▶ [PROBLEM TO SOLVE]: Set down all of the entries below exactly, and omit the pictures.

Stored data entries:
Content starts
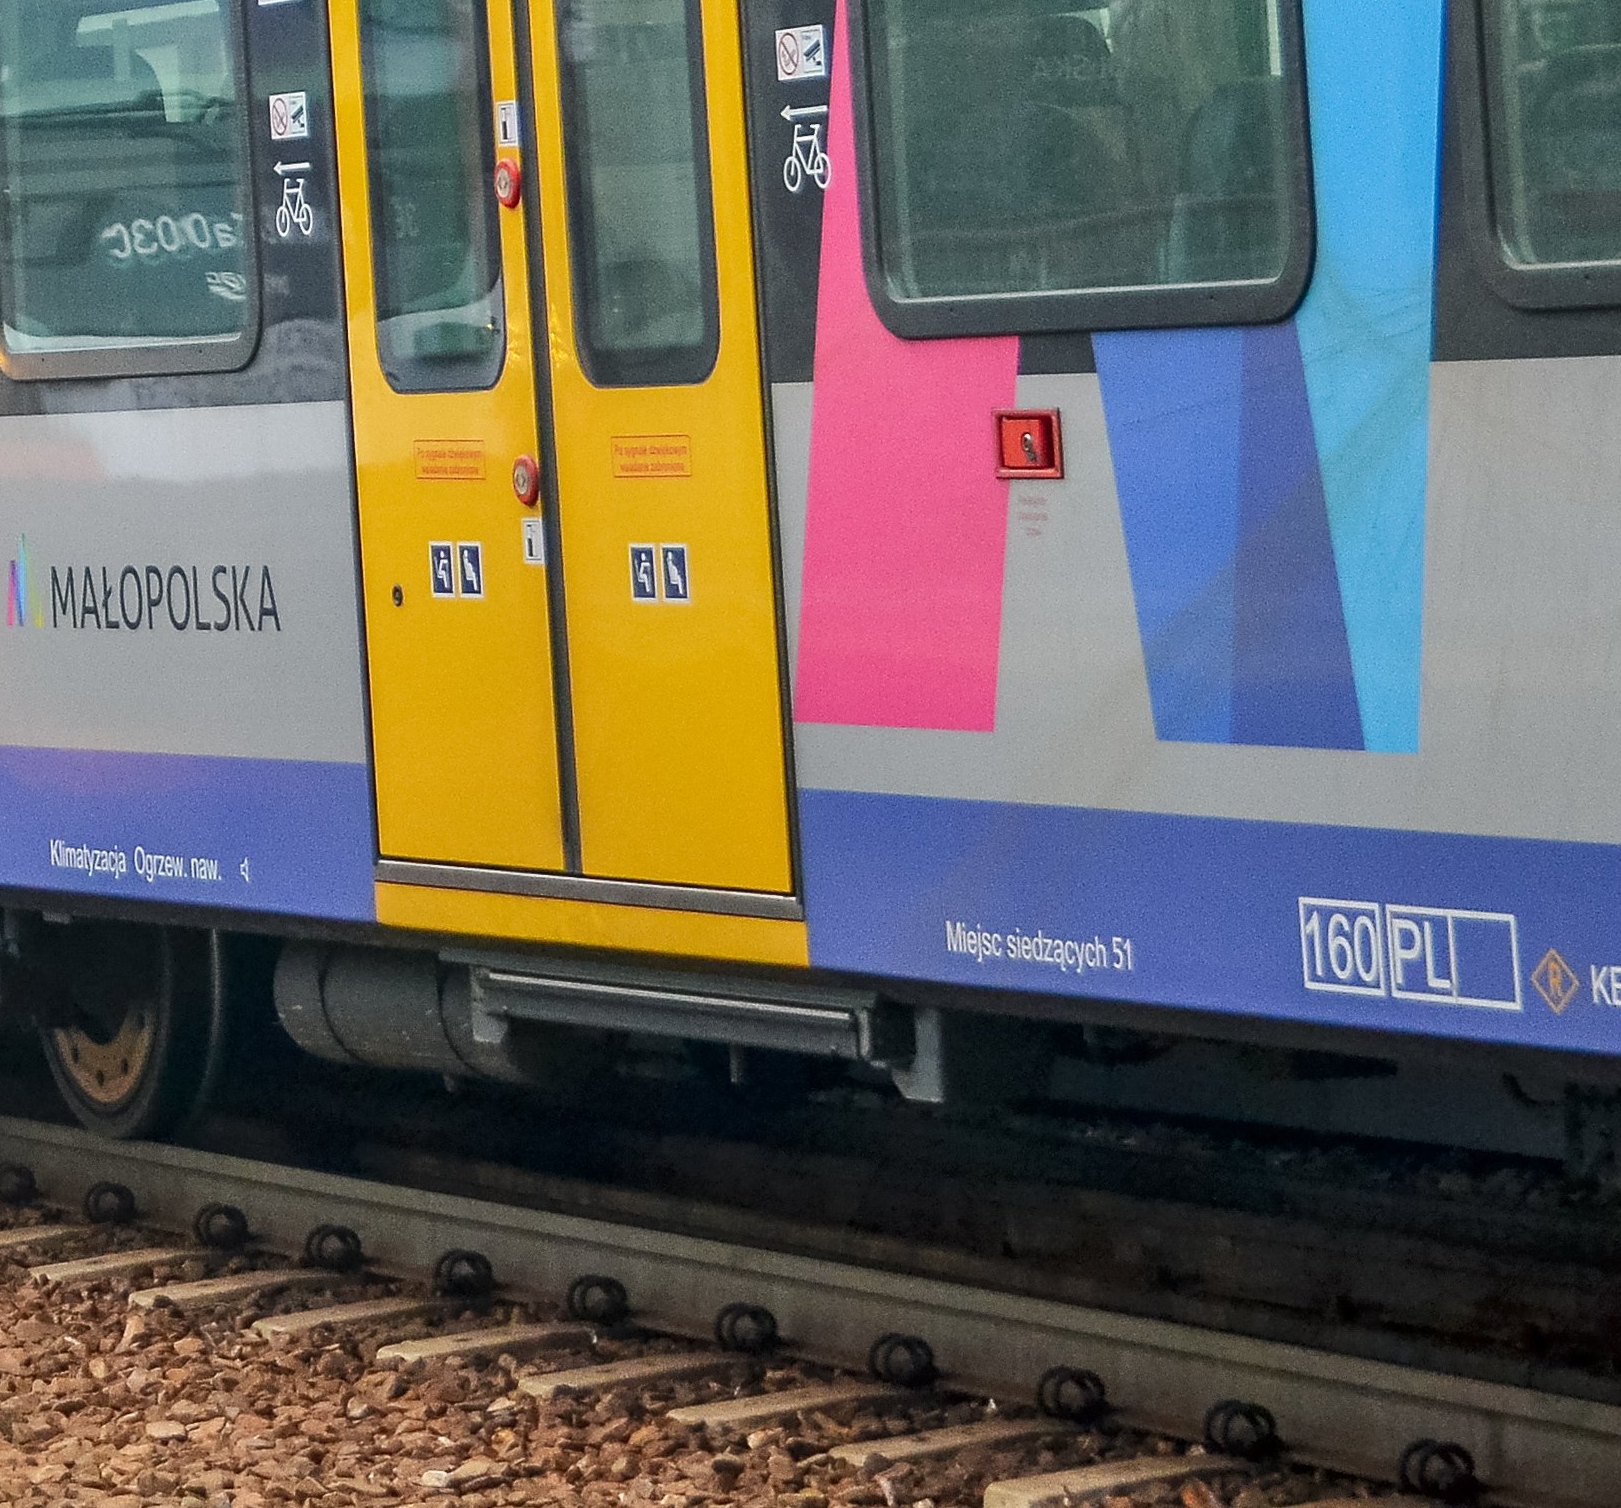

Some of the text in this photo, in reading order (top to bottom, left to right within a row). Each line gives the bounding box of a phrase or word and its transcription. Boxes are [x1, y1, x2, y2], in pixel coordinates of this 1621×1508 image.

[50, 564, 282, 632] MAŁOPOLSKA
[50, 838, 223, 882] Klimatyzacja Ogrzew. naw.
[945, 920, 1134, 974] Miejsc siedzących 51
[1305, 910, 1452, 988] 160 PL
Content ends
▶ [TASK RESPONSE]:
Some of the text in this photo, in reading order (top to bottom, left to right within a row). Each line gives the bounding box of a phrase or word and its transcription. Boxes are [x1, y1, x2, y2], in pixel coordinates of this 1621×1508 image.

[50, 564, 282, 632] MAŁOPOLSKA
[50, 838, 223, 882] Klimatyzacja Ogrzew. naw.
[945, 920, 1134, 974] Miejsc siedzących 51
[1305, 910, 1452, 988] 160 PL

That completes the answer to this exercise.